> Exercise instructions
Once the pictures are set aside, print the records that follow exactly as written.
┌─ Material provided
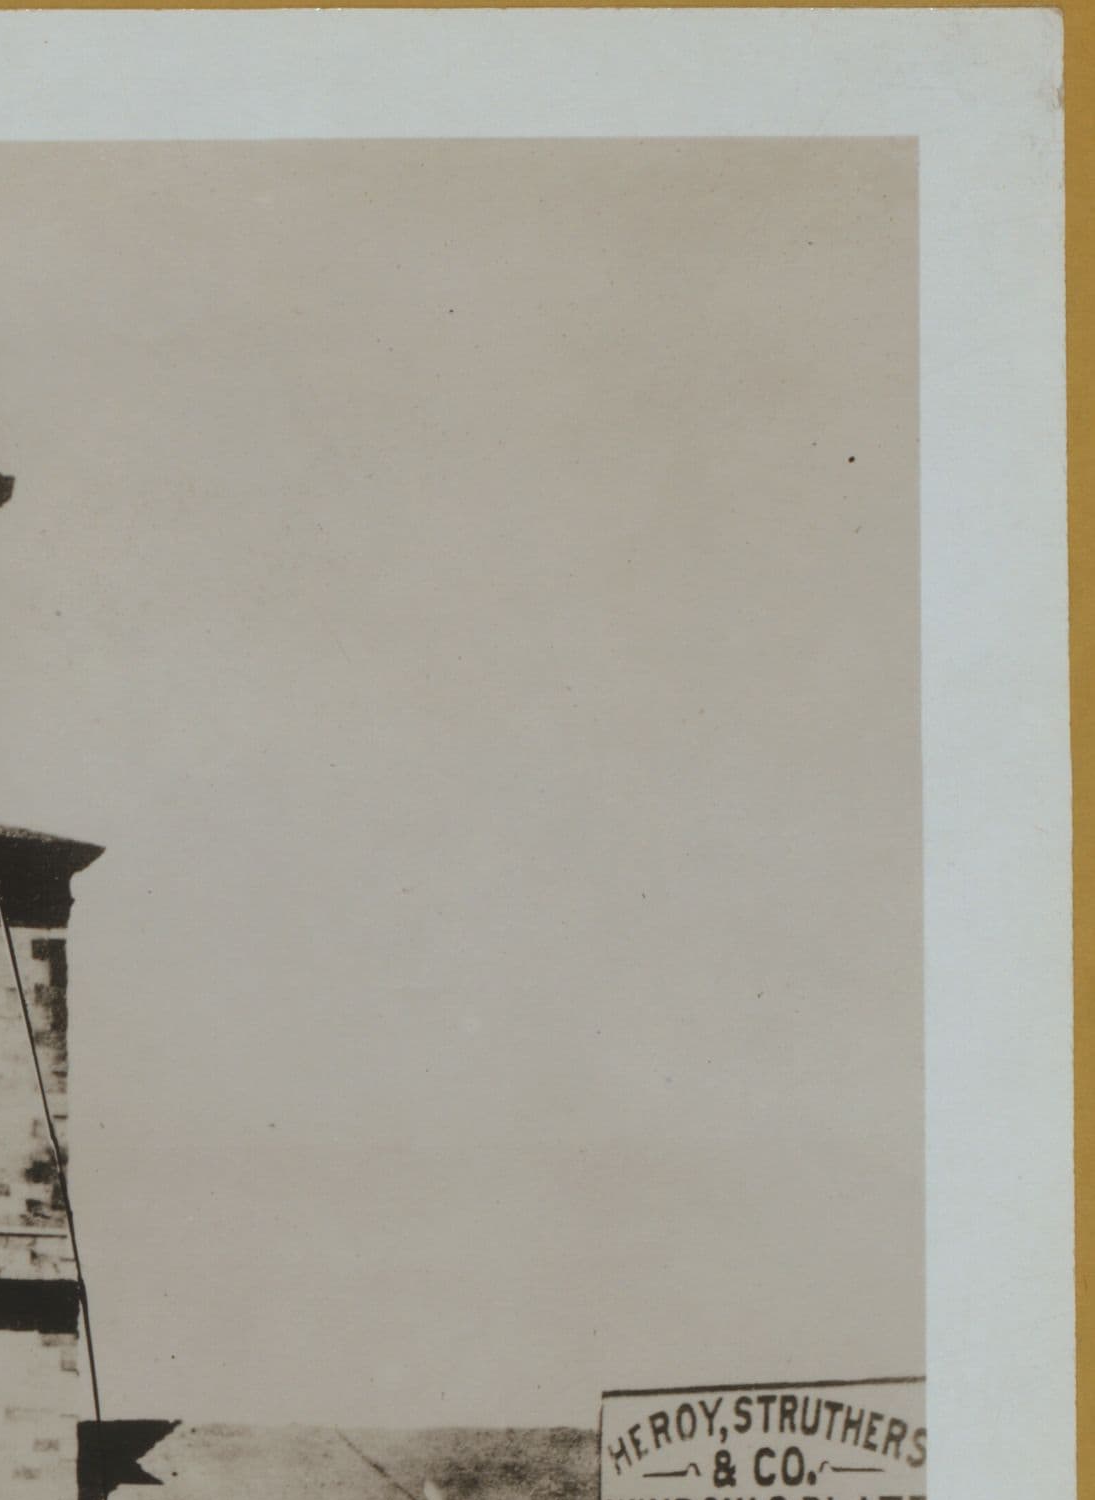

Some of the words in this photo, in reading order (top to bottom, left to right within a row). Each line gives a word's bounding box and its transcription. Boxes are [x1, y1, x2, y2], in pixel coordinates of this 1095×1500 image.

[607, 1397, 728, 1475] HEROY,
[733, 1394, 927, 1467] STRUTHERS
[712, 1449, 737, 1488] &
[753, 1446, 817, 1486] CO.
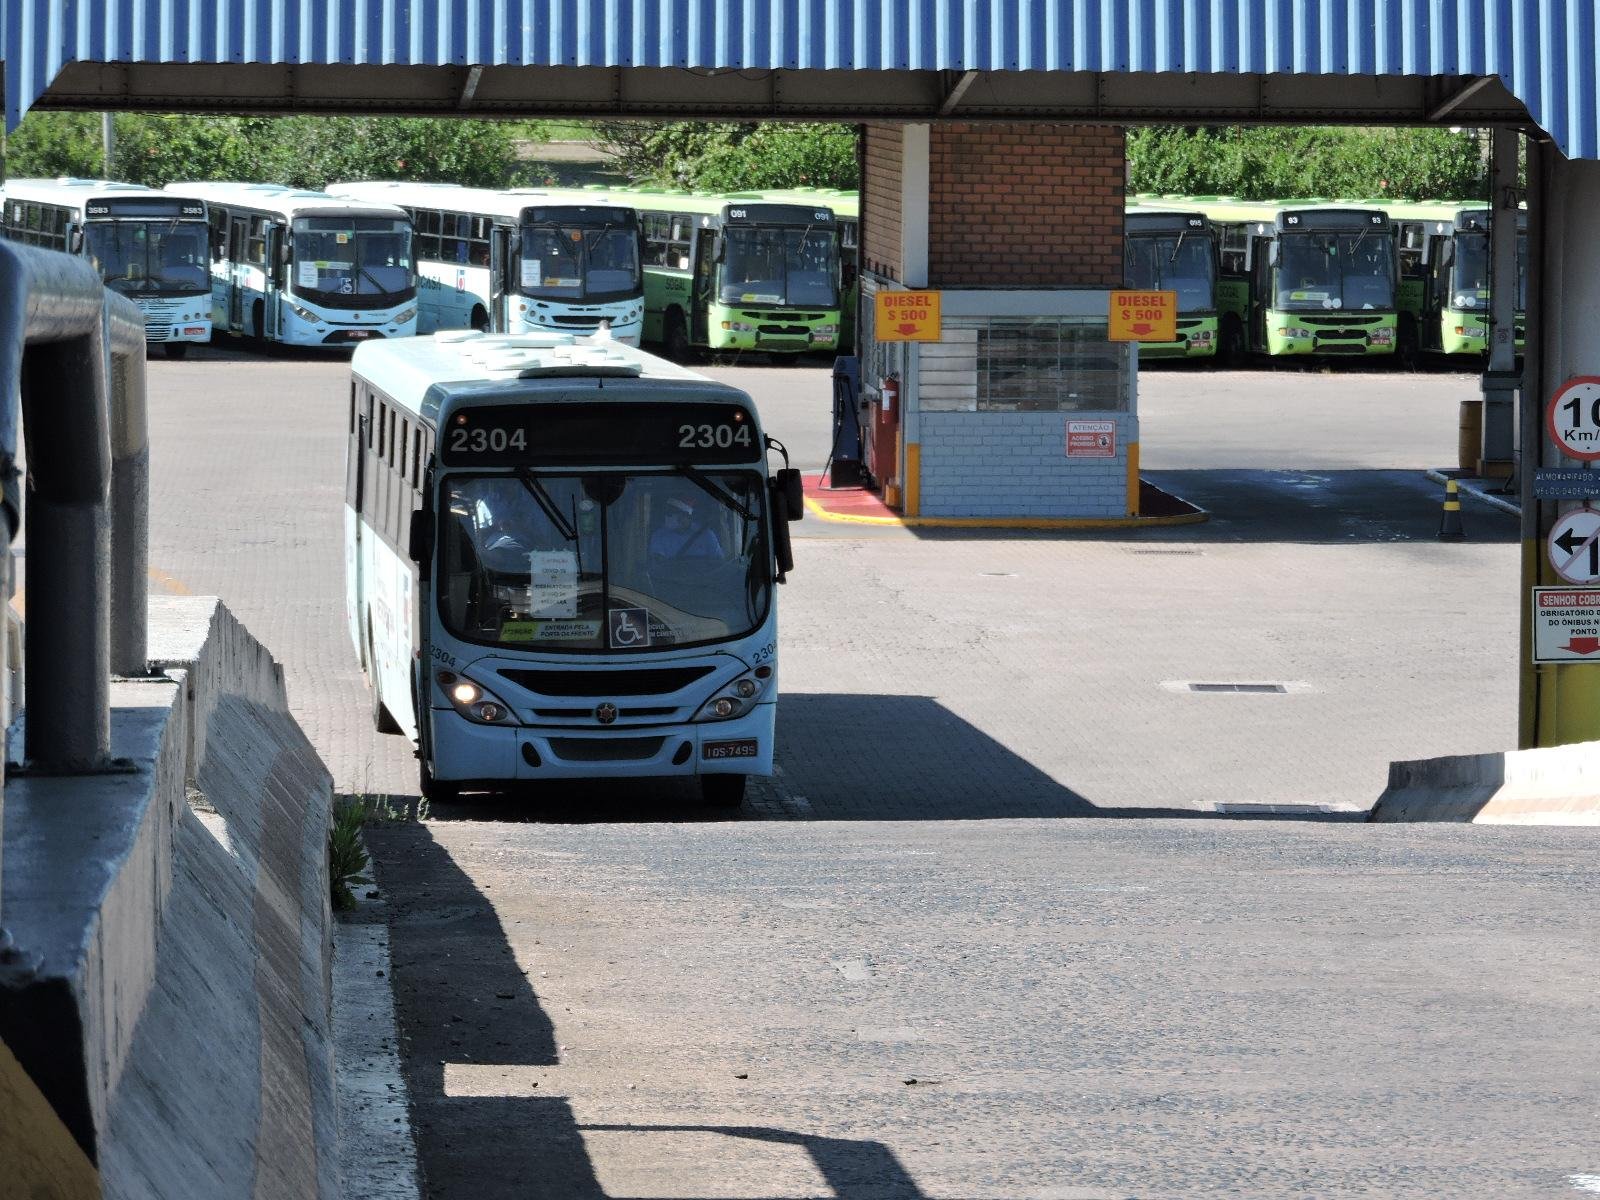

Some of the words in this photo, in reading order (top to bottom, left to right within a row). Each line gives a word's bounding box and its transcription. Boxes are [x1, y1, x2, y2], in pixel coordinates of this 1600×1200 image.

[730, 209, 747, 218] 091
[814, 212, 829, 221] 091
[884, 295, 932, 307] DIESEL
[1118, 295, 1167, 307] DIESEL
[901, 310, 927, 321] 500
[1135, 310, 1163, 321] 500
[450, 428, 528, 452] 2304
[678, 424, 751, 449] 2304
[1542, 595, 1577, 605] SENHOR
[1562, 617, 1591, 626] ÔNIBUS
└─
> Exercise solution
Some of the words in this photo, in reading order (top to bottom, left to right within a row). Each line gives a word's bounding box and its transcription. Boxes are [x1, y1, x2, y2], in pixel coordinates of this 1095×1500 image.

[607, 1397, 728, 1475] HEROY,
[733, 1394, 927, 1467] STRUTHERS
[712, 1449, 737, 1488] &
[753, 1446, 817, 1486] CO.

Some of the words in this photo, in reading order (top to bottom, left to right within a row). Each line gives a word's bounding box and its transcription. Boxes are [x1, y1, x2, y2], in pixel coordinates of this 1600×1200 image.

[730, 209, 747, 218] 091
[814, 212, 829, 221] 091
[884, 295, 932, 307] DIESEL
[1118, 295, 1167, 307] DIESEL
[901, 310, 927, 321] 500
[1135, 310, 1163, 321] 500
[450, 428, 528, 452] 2304
[678, 424, 751, 449] 2304
[1542, 595, 1577, 605] SENHOR
[1562, 617, 1591, 626] ÔNIBUS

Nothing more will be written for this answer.